Die Bergretter nahmen den vierstündigen Einsatz trotzdem gelassen. "Man hätte die dort zu Fuß auch runtergebracht", sagt Einsatzleiter Eder. Es wäre dann halt "viel mehr Action" nötig gewesen. "Wir sind froh, dass wir die Unterstützung der Hubschrauber hatten." Absturzgefahr habe nicht bestanden. Die Rettungssaison am Watzmann habe dieses Jahr ohnehin ruhig angefangen, sagt Thomas Meeß, der stellvertretende Bereitschaftsleiter der Ramsauer Bergwacht. Das sei nun wohl vorbei.

Seine Männer sind für einen Großteil des Watzmanns zuständig, der besonders im Sommer Bergsteiger aus ganz Deutschland und darüber hinaus anzieht. Immer wieder retten sie auch Menschen, die ohne geeignete Vorbereitung und passende Ausrüstung ihre Tour aufgeben müssen. Deshalb überrascht sie die Auskunft der Kollegen von der Polizei nur wenig, dass sich die Studenten aus Indonesien leichtfertig selbst in Gefahr gebracht hätten.

Die Gruppe sei "zum Teil mit nicht tauglichem Schuhwerk ausgerüstet" gewesen und hätte "viel zu schwere Rucksäcke" dabei gehabt, hieß es nach dem Einsatz.

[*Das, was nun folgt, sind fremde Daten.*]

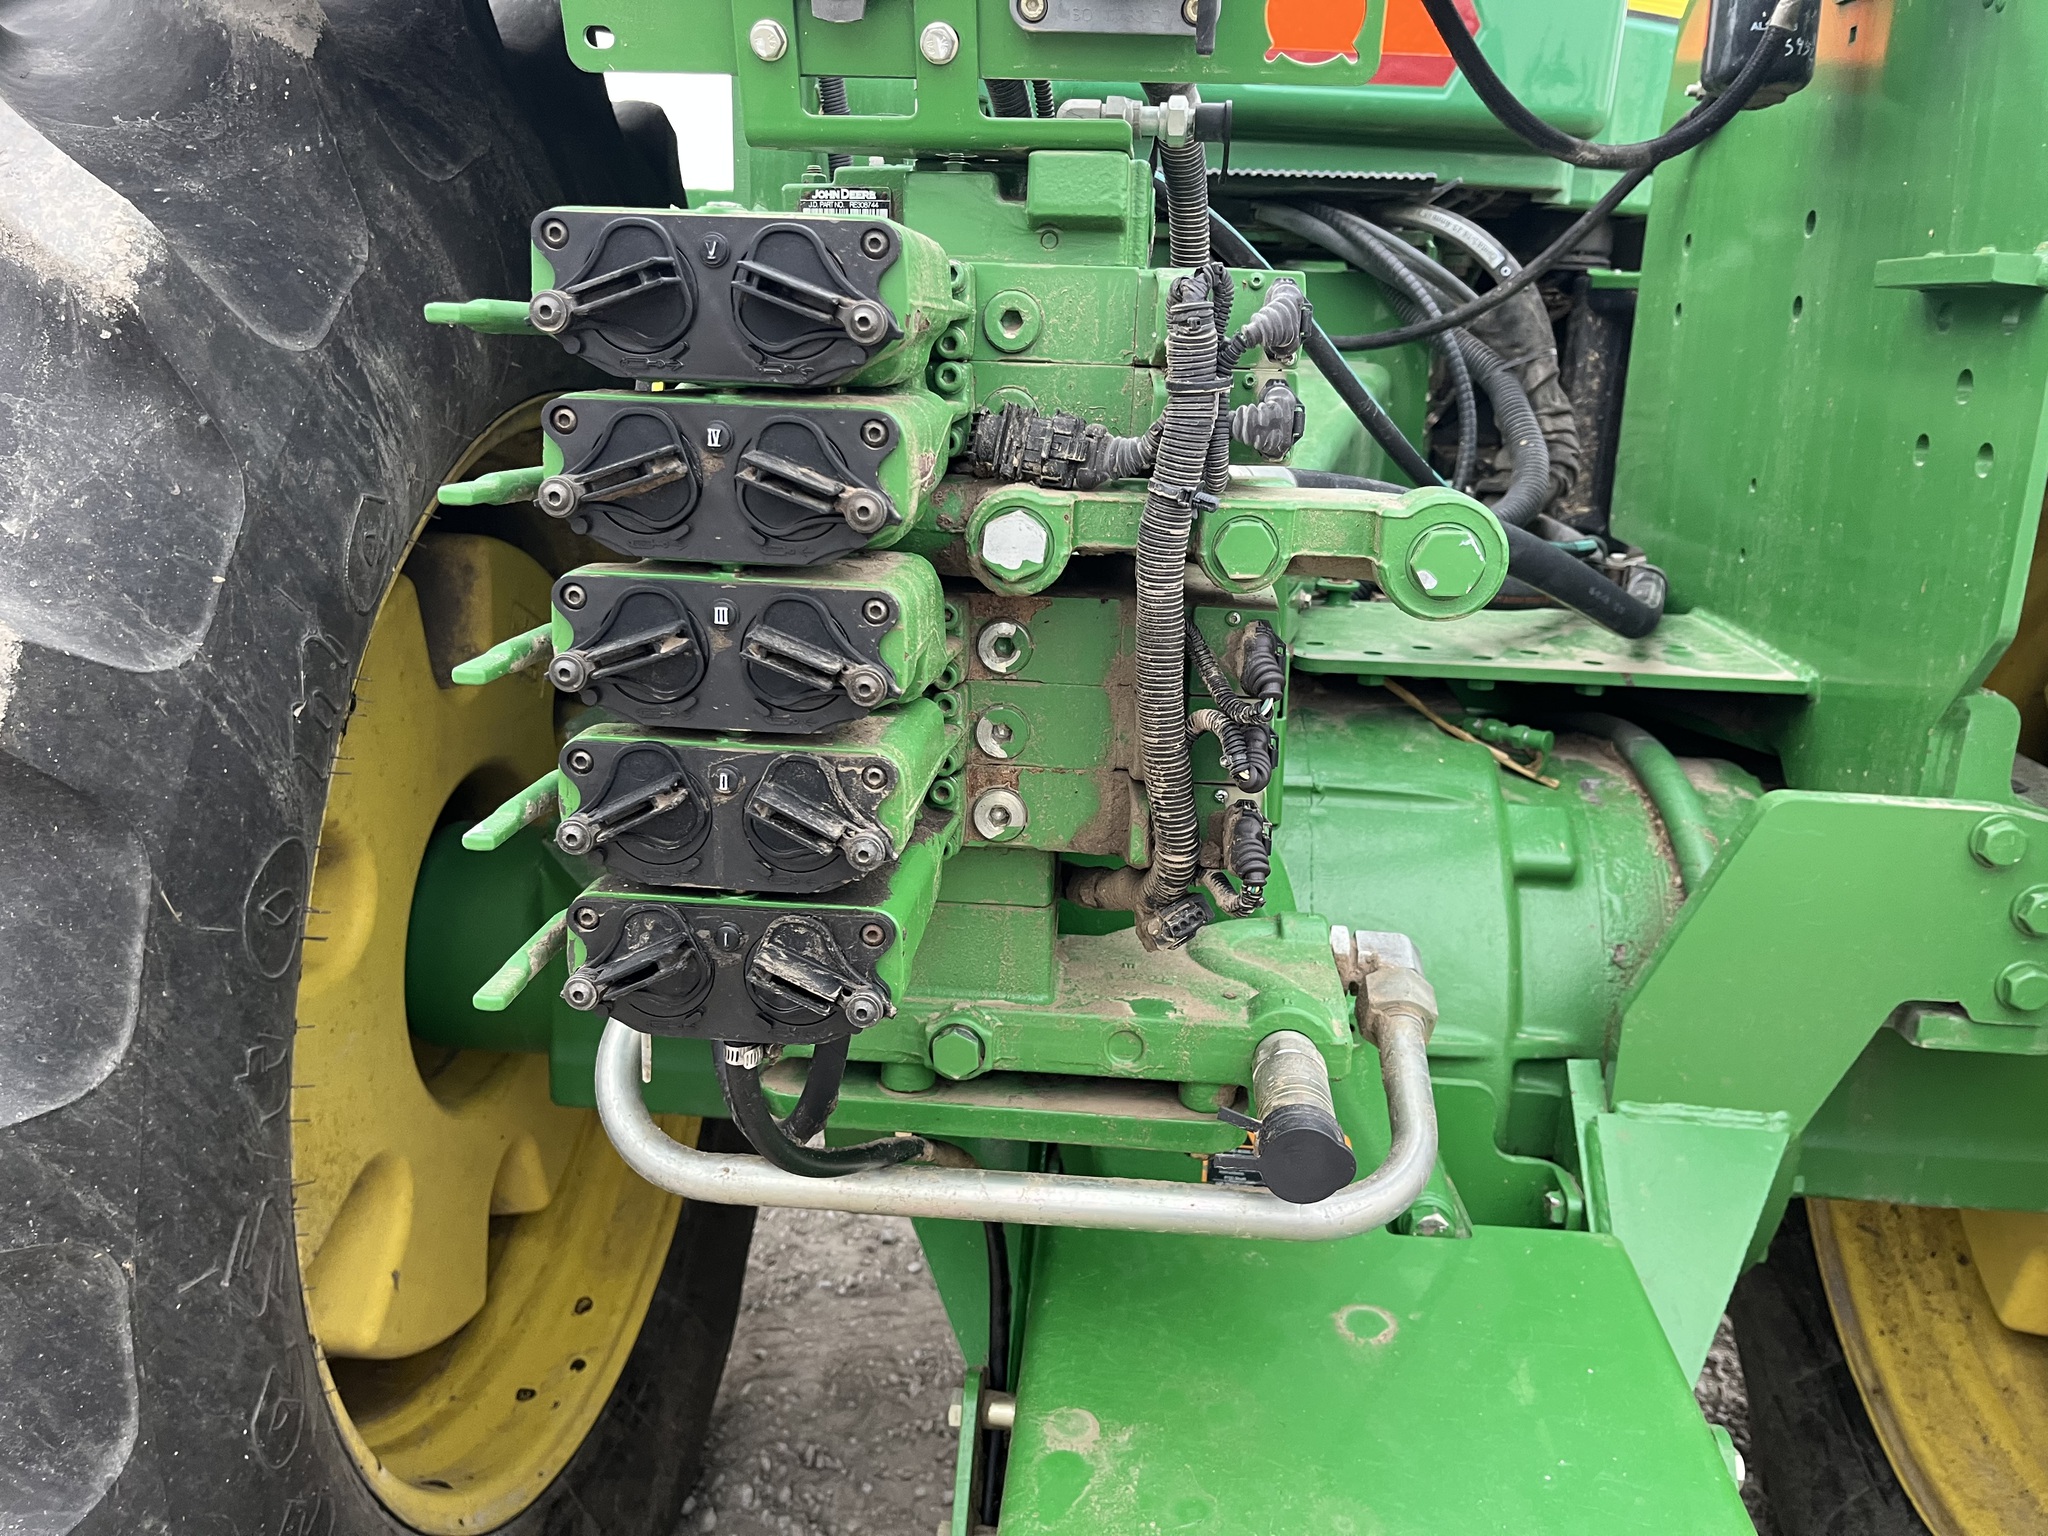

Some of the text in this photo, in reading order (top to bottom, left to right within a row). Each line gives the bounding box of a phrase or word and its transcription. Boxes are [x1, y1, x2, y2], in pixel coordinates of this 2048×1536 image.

Die 14 jungen Frauen und Männer, die alle mit einem Schrecken davonkamen, konnten auf der bewirtschafteten Kührointalm übernachten. Damit sollten sie ihr Abenteuer beenden, rieten ihnen die Polizei. "Von einer weiteren Tour wurde der Gruppe dringend abgeraten", heißt es.